= Targeted projection pursuit =

In this example targeted projection pursuit is being used to explore projections of a gene expression data set. Each of the 122 points corresponds to a sample taken from a cancer tumor of four diagnostic classes (represented by color). For each sample, the expression level of 100 genes was recorded (represented by the axes). The animation shows that TPP is able to separate two of the classes clearly (red and purple), but two others could not be distinguished (blue and green). The position of the axes then indicates the activation of which genes are most associated with each class.
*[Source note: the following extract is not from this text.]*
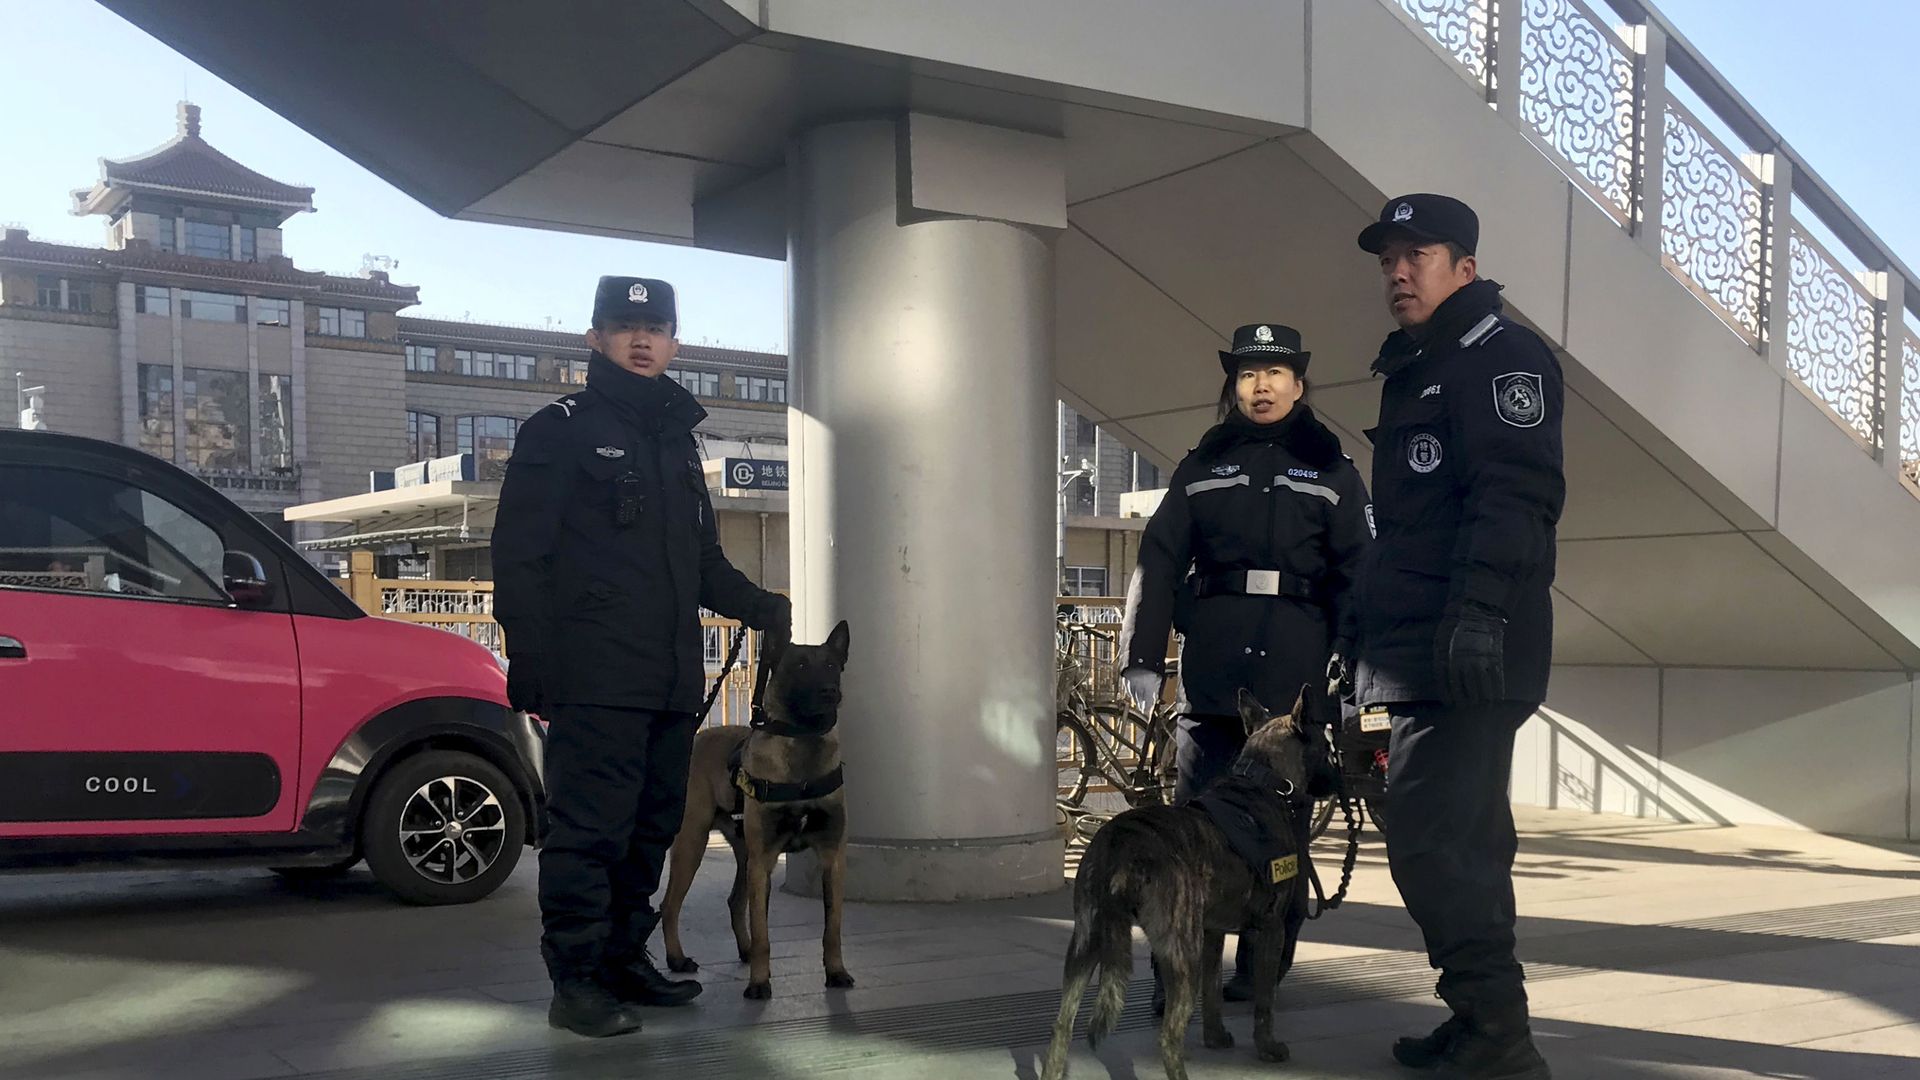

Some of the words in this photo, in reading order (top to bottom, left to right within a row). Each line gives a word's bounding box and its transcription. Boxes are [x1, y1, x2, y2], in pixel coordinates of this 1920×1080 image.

[761, 464, 787, 477] 地铁
[85, 776, 157, 793] COOL
[1273, 859, 1298, 878] Police
Targeted projection pursuit is a type of statistical technique used for exploratory data analysis, information visualization, and feature selection. It allows the user to interactively explore very complex data (typically having tens to hundreds of attributes) to find features or patterns of potential interest.
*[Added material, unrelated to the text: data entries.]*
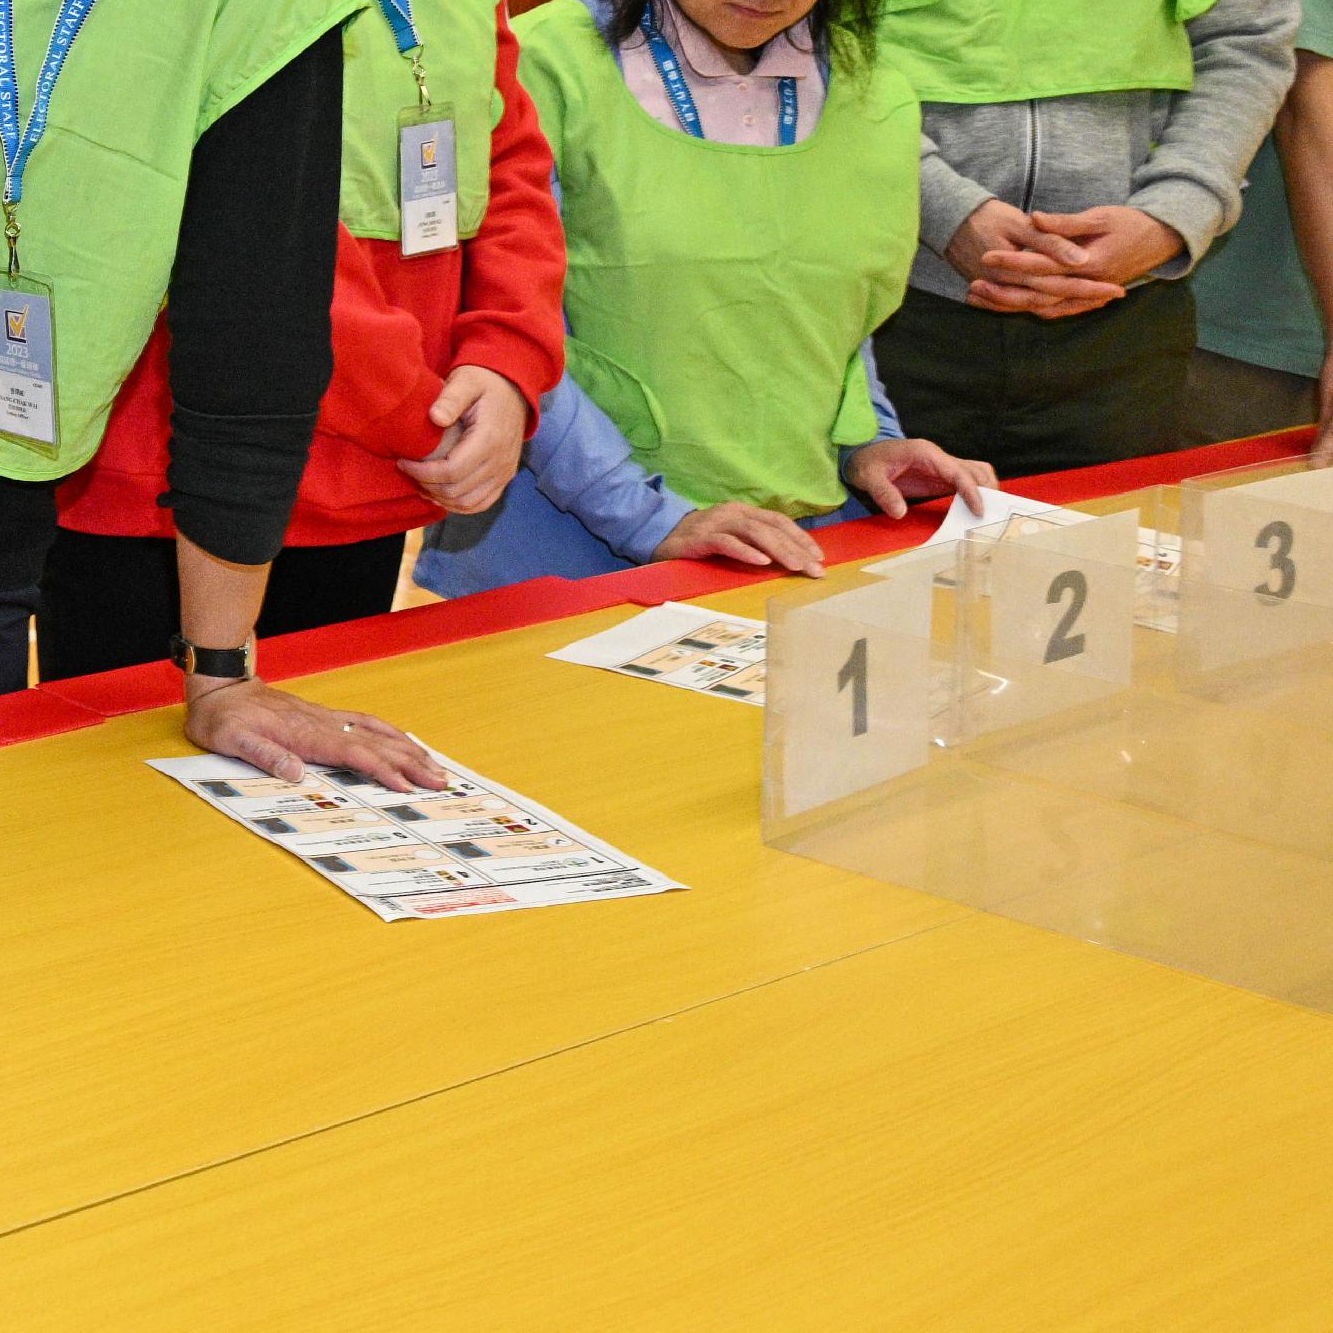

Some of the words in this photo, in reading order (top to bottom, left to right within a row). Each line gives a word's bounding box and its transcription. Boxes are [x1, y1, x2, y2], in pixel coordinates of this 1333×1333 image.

[30, 50, 63, 142] ELECTORAL
[57, 0, 84, 46] STAFF
[0, 92, 17, 140] STAFF
[6, 343, 28, 358] 2023
[1254, 520, 1297, 600] 3
[1044, 569, 1088, 665] 2
[837, 637, 868, 737] 1
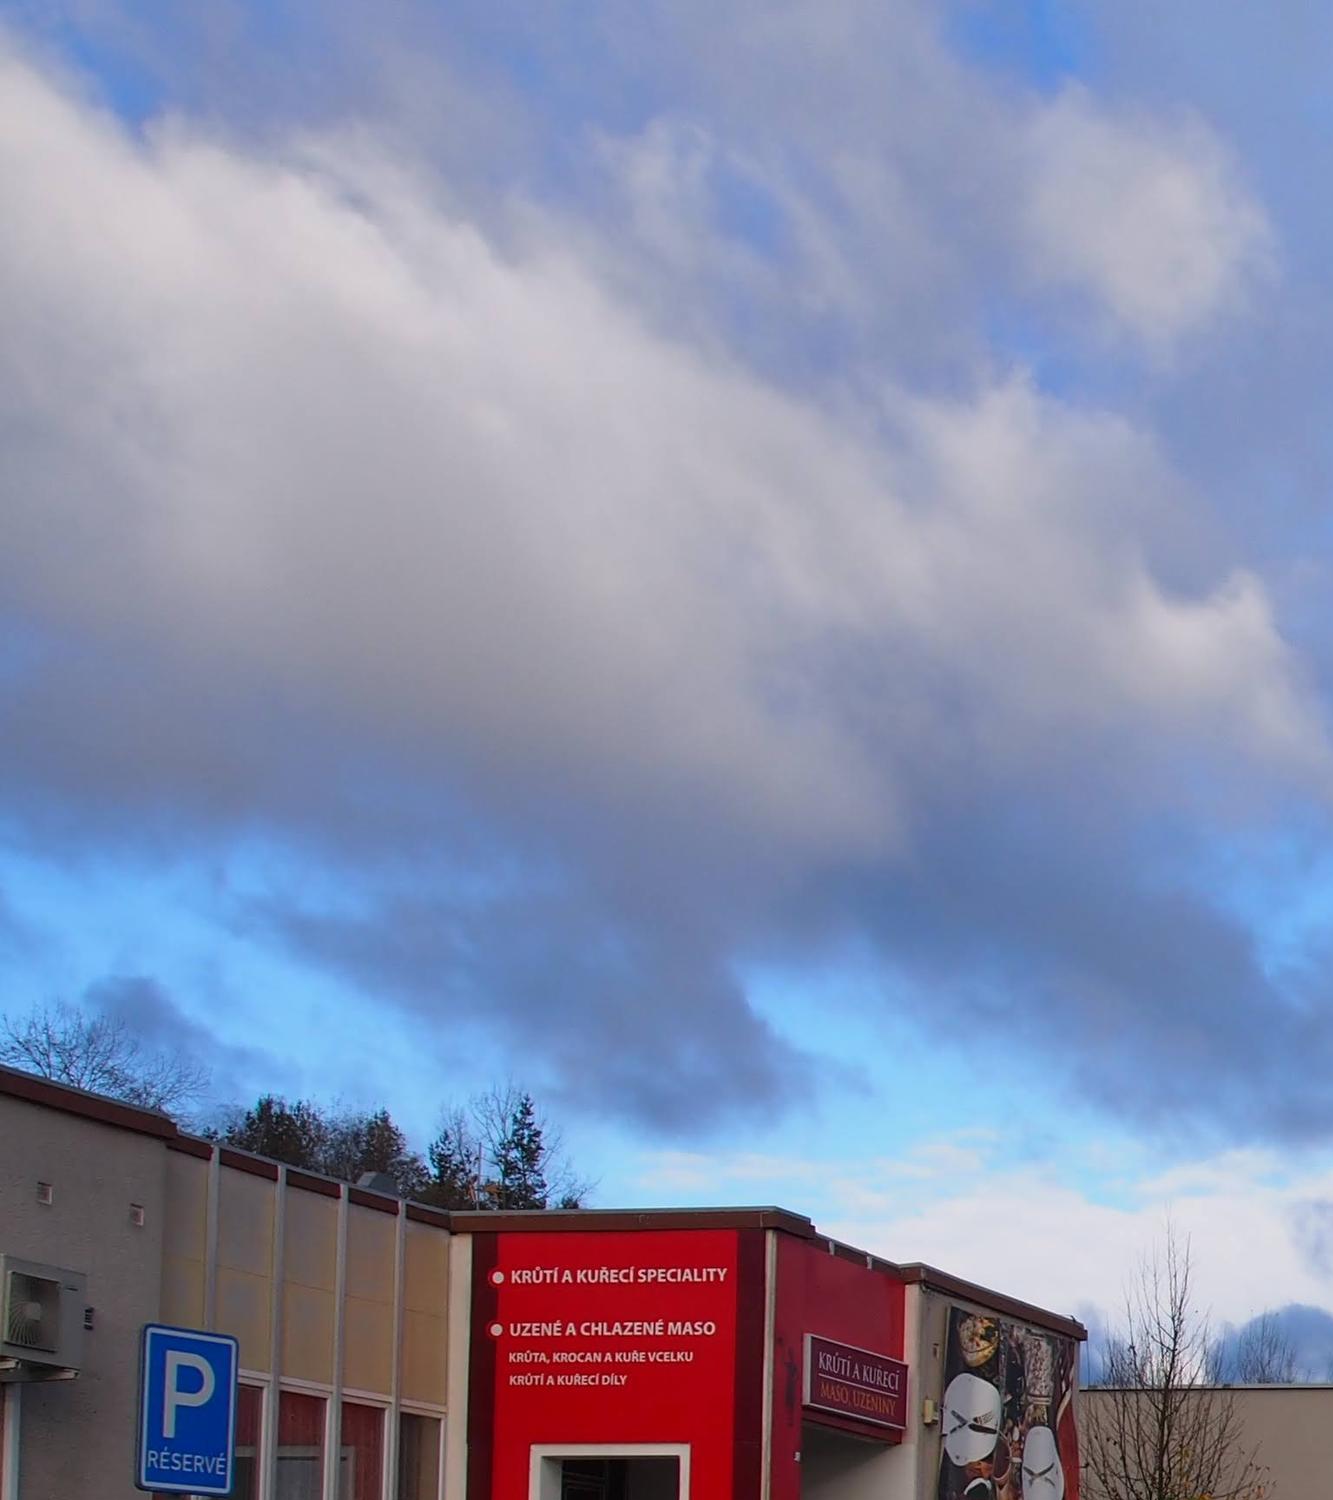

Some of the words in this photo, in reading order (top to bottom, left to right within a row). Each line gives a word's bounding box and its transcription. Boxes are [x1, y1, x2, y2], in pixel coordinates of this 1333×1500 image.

[511, 1266, 558, 1284] KRŮTÍ
[561, 1270, 573, 1284] A
[577, 1266, 635, 1283] KUŘECÍ
[638, 1268, 728, 1283] SPECIALITY
[509, 1320, 562, 1337] UZENÉ
[565, 1323, 576, 1336] A
[580, 1319, 664, 1336] CHLAZENÉ
[667, 1322, 716, 1335] MASO
[508, 1350, 550, 1364] KRŮTA,
[553, 1352, 601, 1363] KROCAN
[603, 1352, 613, 1363] A
[615, 1350, 646, 1362] KUŘE
[648, 1351, 693, 1362] VCELKU
[509, 1373, 544, 1386] KRŮTÍ
[546, 1375, 555, 1385] A
[557, 1373, 600, 1386] KUŘECÍ
[602, 1373, 628, 1385] DÍLY
[852, 1363, 860, 1380] A
[163, 1349, 216, 1439] P
[147, 1446, 227, 1475] RÉSERVÉ
Conventional, or 'blind', projection pursuit, finds the most "interesting" possible projections in multidimensional data, using a search algorithm that optimizes some fixed criterion of "interestingness" – such as deviation from a normal distribution. In contrast, targeted projection pursuit allows the user to explore the space of projections by manipulating data points directly in an interactive scatter plot.

Targeted projection pursuit has found applications in DNA microarray data analysis, protein sequence analysis, graph layout and digital signal processing. It is available as a package for the WEKA machine learning toolkit.